Now, we can have the special points on chart:

$\frac{V_ {max}}{V_ 0} = 1 + \frac{K_ m }{[S]} + \frac{K_ m}{K_ I}(\frac{[I]}{[S]})$
$\frac{V_ {max}}{V_ 0} = K_ m (1+\frac{[I]}{K_ I})\frac{1}{[S]} + 1$
$\frac{1}{V_ 0} = \frac{K_ m}{V_ {max}} (1+\frac{[I]}{K_ I})\frac{1}{[S]} + \frac{1}{V_ {max}}$

So, Compared the function which has no inhibitor, the Lineweaver-Burk equation:
$\frac{1}{V_ 0} = (\frac{K_m}{V_ {max}})(\frac{1}{[S]}) + \frac{1}{V_ {max}}$
We can find that they are similar.

Let’s say:
$\alpha = 1+\frac{[I]}{K_ I}$
$\therefore \frac{1}{V_ 0} = \frac{\alpha K_ m}{V_ {max}} \frac{1}{[S]} + \frac{1}{V_ {max}}$

Compared to the linear equationL
$y = mx + b$
the slope $m = \frac{\alpha K_ m}{V_ {max}}$

$\alpha K_ m = K_ {m, app}$
$K_ {m, app} > K_ m $

$K_ {m, app}$, apparent $K_ m$

Uncompetitive Inhibitor

They bind the enzyme only if they enzyme associated with substrate.
$E + S \rightleftharpoons ES +I \rightleftharpoons ESI $

1. $ E + S \underset{k_ {-1}}{\overset{k_ 1}{\rightleftharpoons } } ES \underset{k_ {-2}}{\overset{k_ 2}{\rightleftharpoons } } P + E$
2. $ESI \underset{k’_ {1}}{\overset{k’_ {-1}}{\rightleftharpoons } } ES + I$

In this situation, with the increased of the $[S]$, the $[ES]$ and $[P]$ was increased. But the $[ESI]$ was increased, too.
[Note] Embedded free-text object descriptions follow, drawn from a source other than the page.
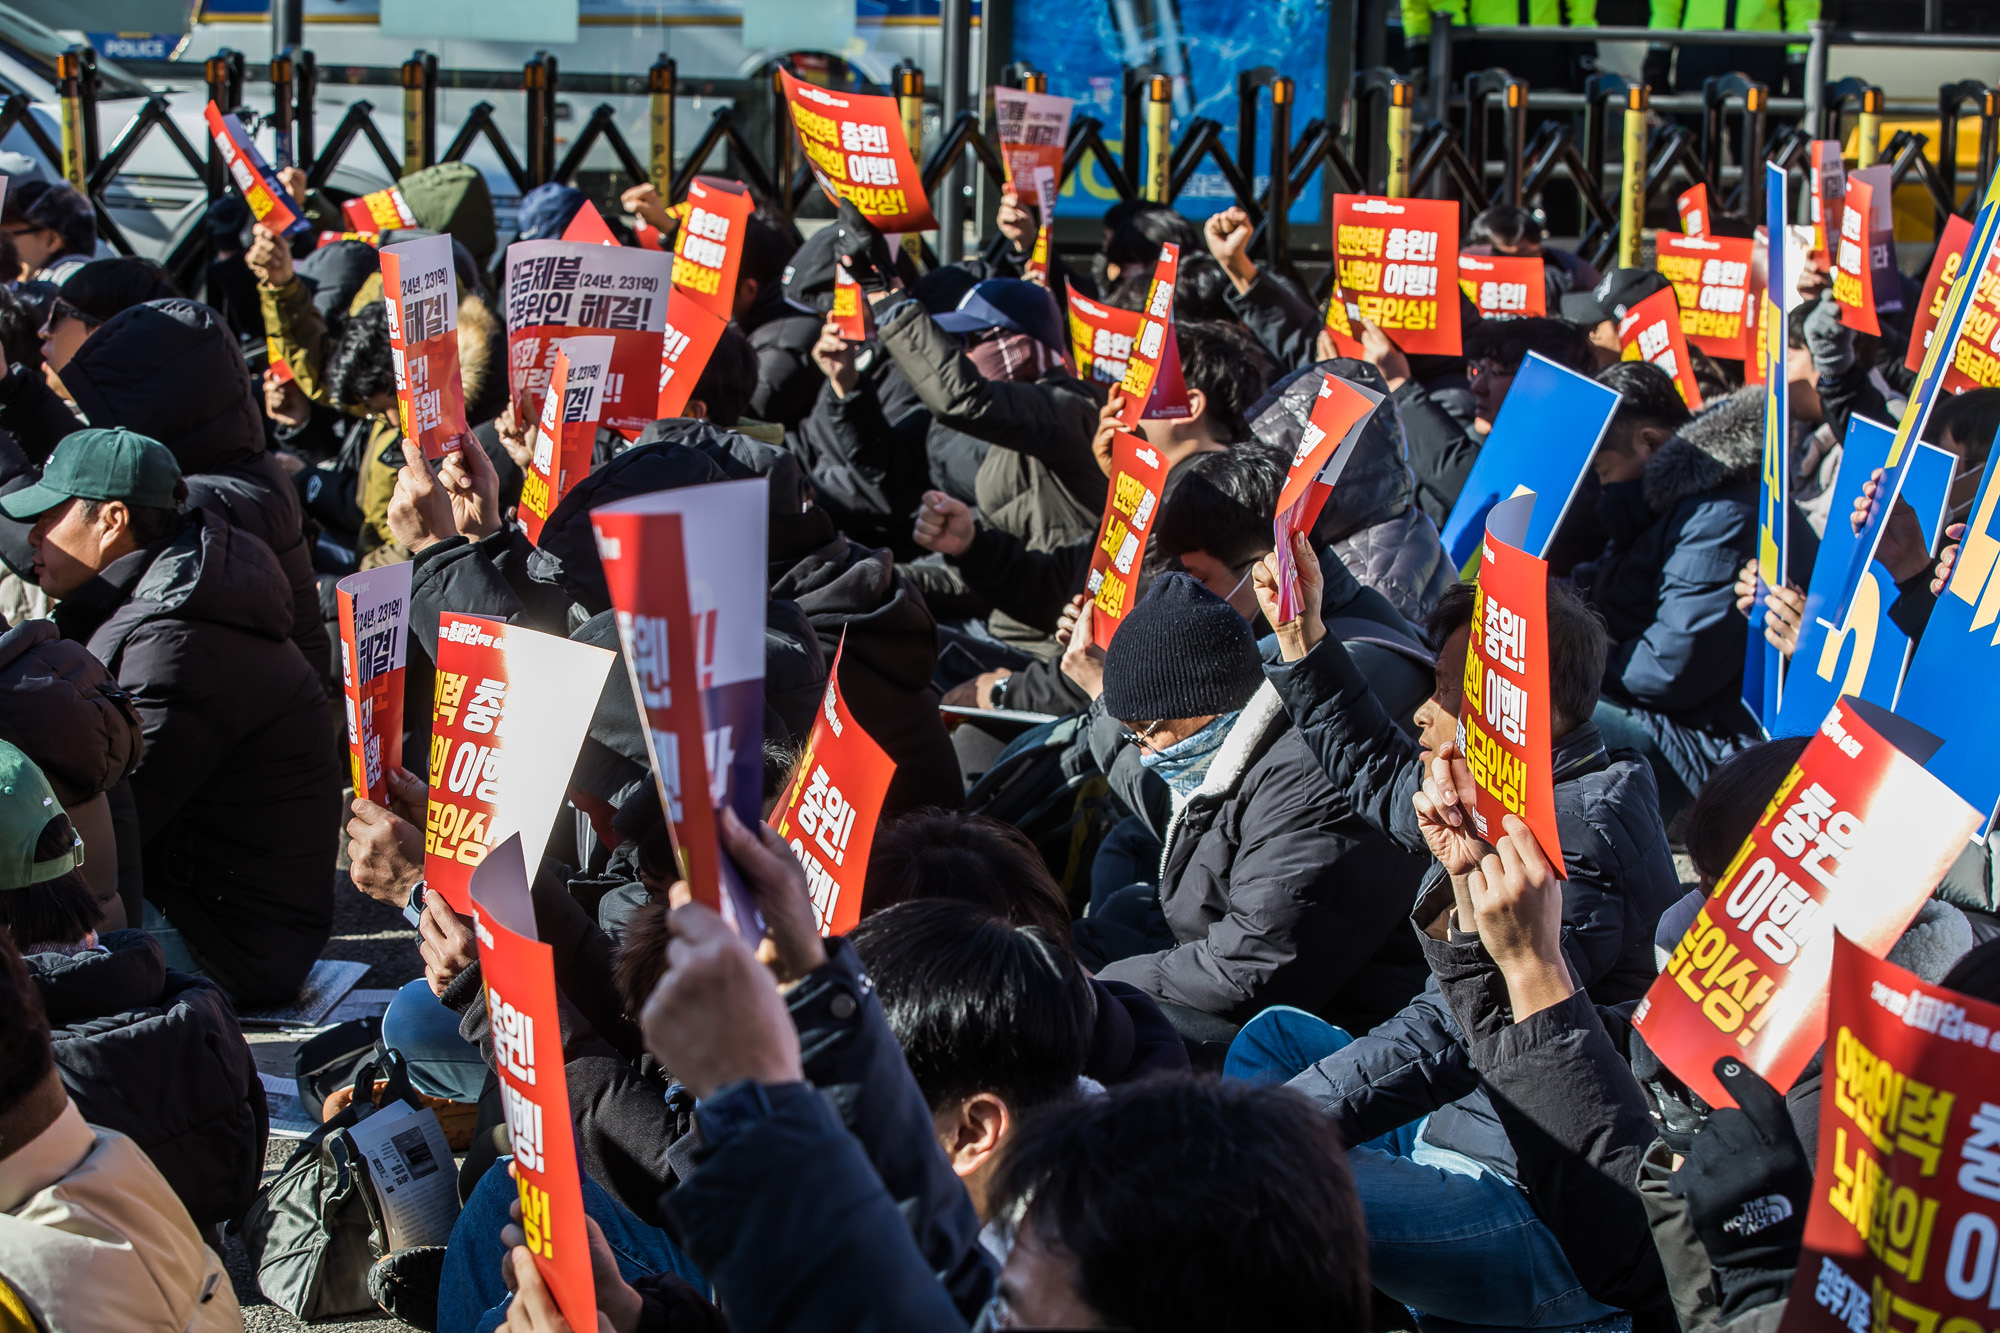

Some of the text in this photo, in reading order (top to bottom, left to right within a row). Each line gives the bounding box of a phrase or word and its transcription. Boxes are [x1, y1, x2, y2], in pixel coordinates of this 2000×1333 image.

[104, 40, 165, 58] POLICE
[841, 121, 890, 153] 충원!
[848, 154, 899, 185] 이행!
[1386, 228, 1438, 261] 충원!
[424, 267, 449, 291] 231억)
[619, 275, 659, 292] 231억)
[1383, 263, 1438, 296] 이행!
[1480, 281, 1527, 310] 충원!
[403, 292, 449, 345] 해결!
[578, 294, 653, 331] 해결!
[564, 386, 595, 424] 결!
[377, 597, 403, 625] 231억)
[1485, 595, 1526, 675] 충원!
[360, 625, 399, 687] 해결!
[433, 668, 470, 727] 인력
[1485, 668, 1528, 748] 이행!
[1466, 713, 1527, 819] 임금인상!
[798, 764, 857, 867] 충원!
[1771, 782, 1864, 894] 충원
[1725, 856, 1822, 965] 이행
[1667, 907, 1778, 1048] 금인상!
[1740, 1198, 1766, 1214] THE
[1739, 1216, 1770, 1237] FACE
As a result, some of the enzyme will be trapped into a nonproductive complex and the $V_ {max}$ would be reduced.

$\frac{1}{V_ 0} = \frac{K_ m }{V_ {max}}\frac{1}{[S]} + \frac{\alpha’}{V_ {max}}$
$\alpha’ = 1 + \frac{[I]}{K;_ I}$

As a result, the slope of the Uncompetitive inhibition function and the noninhibitor function are is the same

Mixed Inhibitor

The inhibitor which can bind the activity site of the enzyme and the enzyme substrate complex to inhibitor the productivity.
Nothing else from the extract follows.